Before long, with protective shoe coverings donned (very important – deep cream carpets throughout!), we were all gathered around a large-scale model listening to a presentation from the Regional Sales Manager for Acorn Properties, about their vision for the future of the site as a whole, as well as progress on the development so far. Clearly, no expense has been spared in transforming Hope House itself into four luxury apartments both modern in style whilst preserving nearly all of the period features. One guest was quick to observe the addition of steps into all rooms adjoining the hall, which was explained by the installation of underfloor heating in all rooms except the hall where the developers had not wished to disturb the original flooring.
Time was then spent looking around the show apartment from where we had wonderful views of the grounds and the wider development. Whilst the grounds are still a building site, there was a collective sigh of relief that favourite trees of yore continue to stand, proud and unscathed within their changing surroundings. There was much discussion of which room had become what and which wall/door had been moved where, with a little of something between consternation and amusement that the Head’s study had become part walk-in closet and part lavatory!

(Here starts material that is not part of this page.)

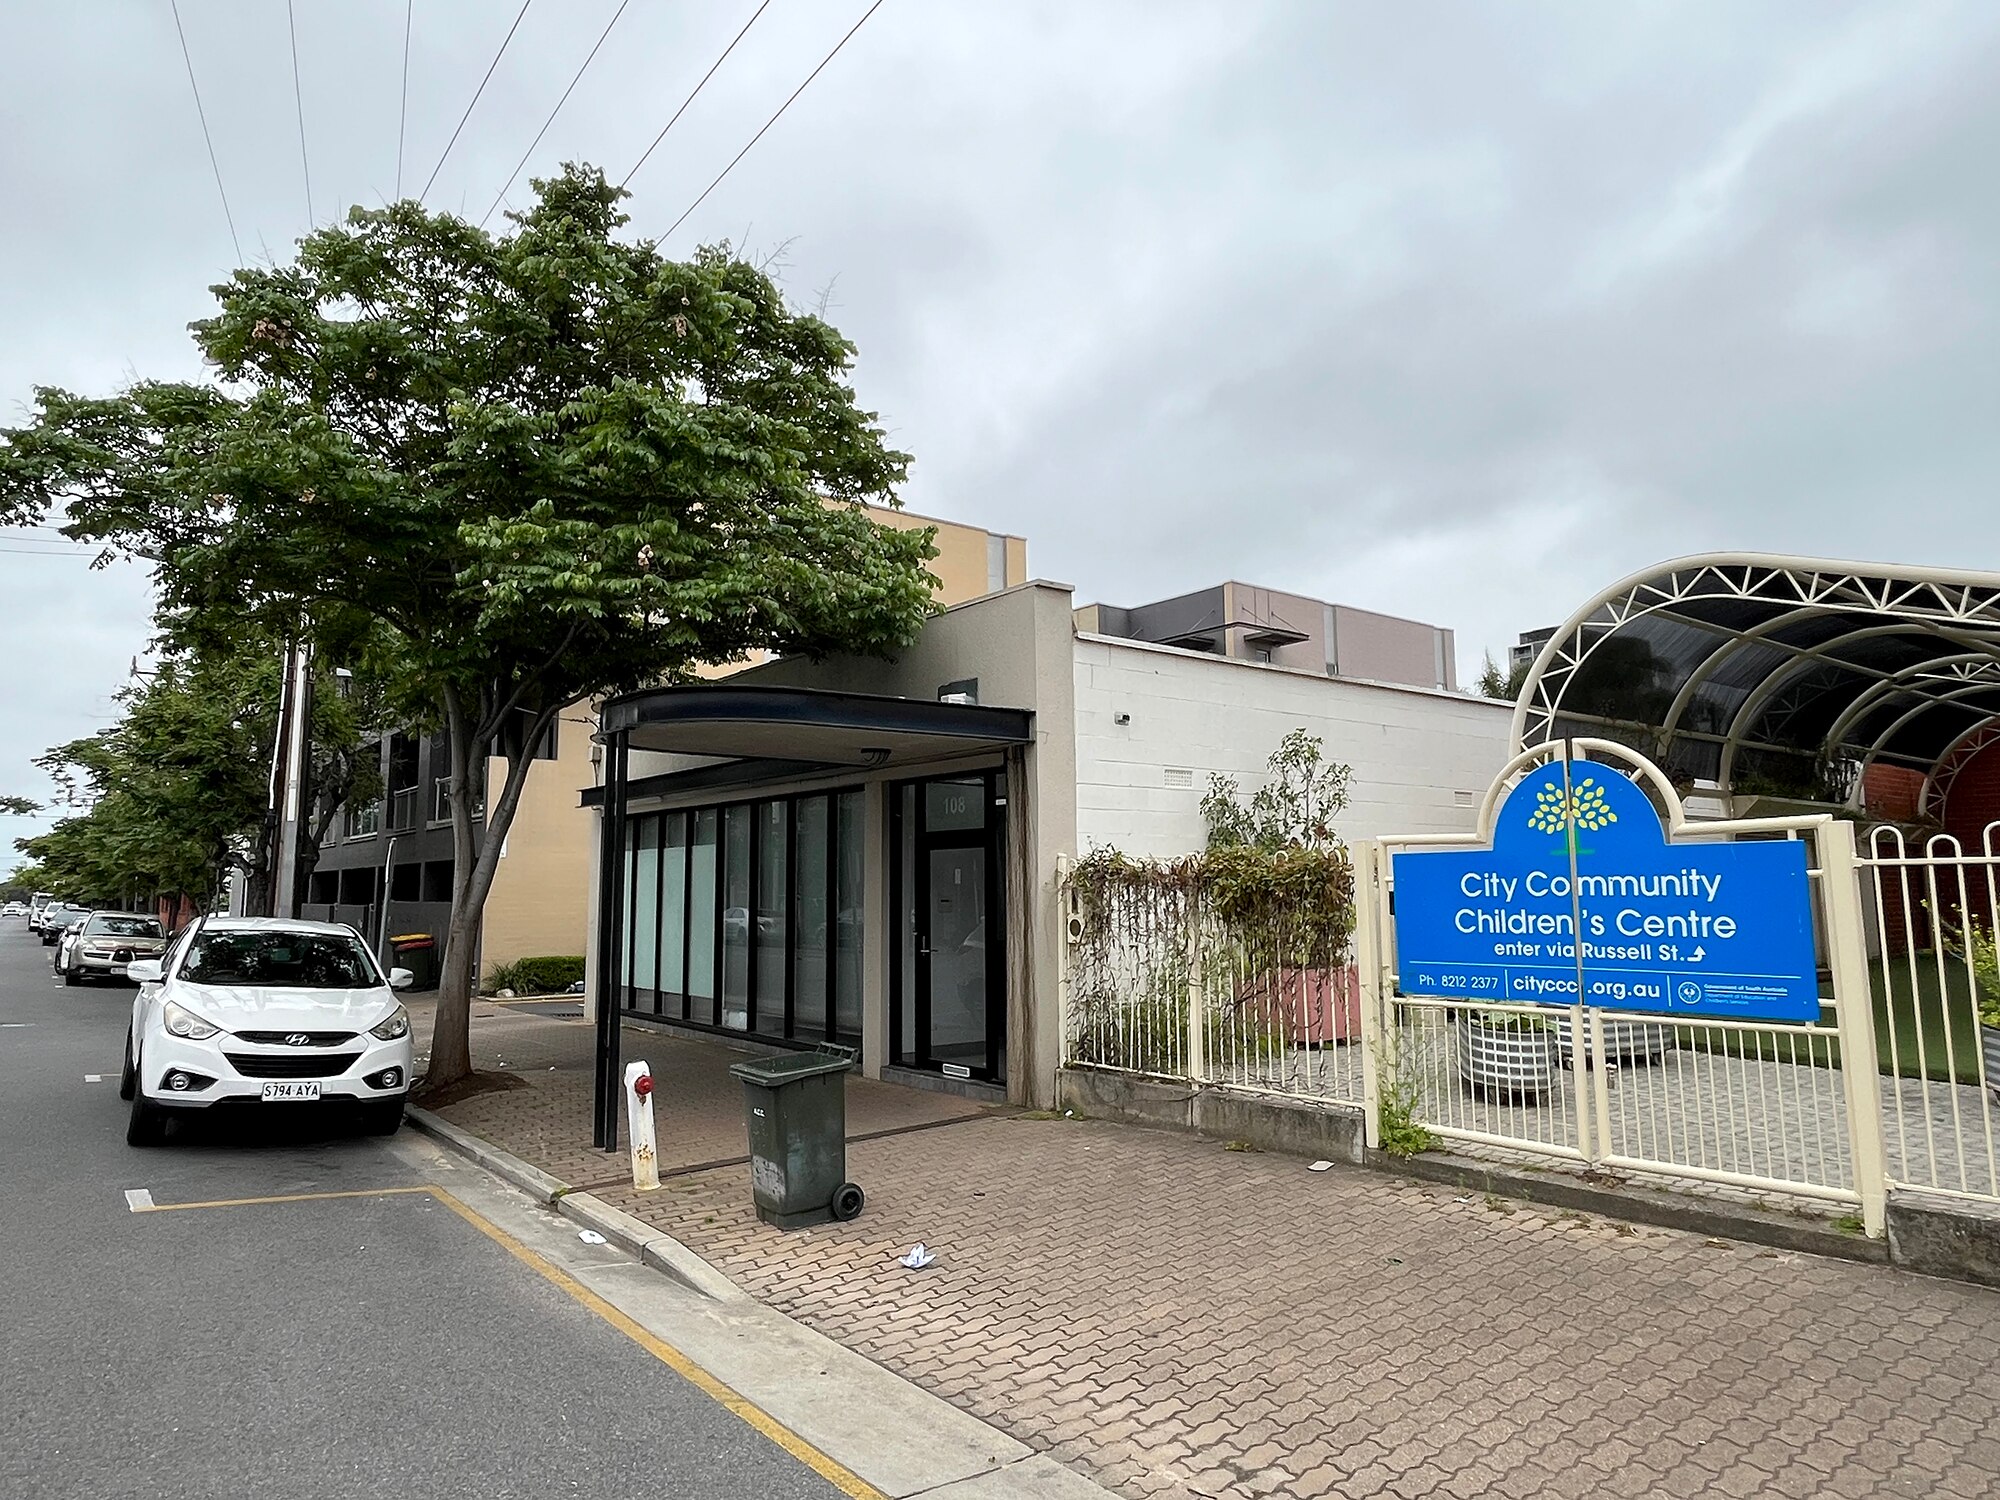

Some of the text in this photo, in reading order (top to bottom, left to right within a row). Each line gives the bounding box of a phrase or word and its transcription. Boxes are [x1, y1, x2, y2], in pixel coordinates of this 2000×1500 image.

Soon it was time to return to Cranwell House where a very welcome cup of tea awaited us with WO1 Andy Bannister, RLC, the army’s lead on the removal of the WWII bomb from the grounds of Hope House during the early stages of the development. Andy gave a fascinating, eye-opening and very enjoyable presentation on the conundrum he was presented with in May 2016, much of which was more than surprising for the alumnae to hear as they learnt exactly what had been resting beneath their very feet for so many years.

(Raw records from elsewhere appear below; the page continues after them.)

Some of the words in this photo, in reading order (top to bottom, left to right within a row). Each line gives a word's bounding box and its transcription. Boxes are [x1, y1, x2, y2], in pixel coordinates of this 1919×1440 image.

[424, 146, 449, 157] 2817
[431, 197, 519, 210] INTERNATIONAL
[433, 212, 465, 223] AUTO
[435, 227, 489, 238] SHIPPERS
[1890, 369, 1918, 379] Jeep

Andy gave us a little history by way of background and explained that it is thought the bomb would have been dropped on 25th April 1942 during the Baedeker raids and would have been buried by the land dislodged by a neighbouring bomb, which created the bomb crater that is so well known to Hope House old girls and staff. Weighing 500 kg (yes that is kg and not lbs!), upended the bomb would stand at the shoulder height of an average adult and if detonated would have an impact nearly 2 km away – not an easy problem to solve so close to the centre of the City of Bath, World Heritage Site! All in all Andy told a tale that was not only an exemplary example of cooperation between the police, local authorities and military but one that demonstrated sound judgement, risk assessment and decision making in the face of a huge challenge – even if the local residents were rather impatient and the amateur press got in the way!
The Prep Schools’ Choir, who serenaded our guests from the main stairs in Cranwell House, then brought the afternoon to a close. They sang absolutely beautifully, and I daresay bought a tear to the eye of many of the visiting alumnae as the digested their afternoon of memories and revelations.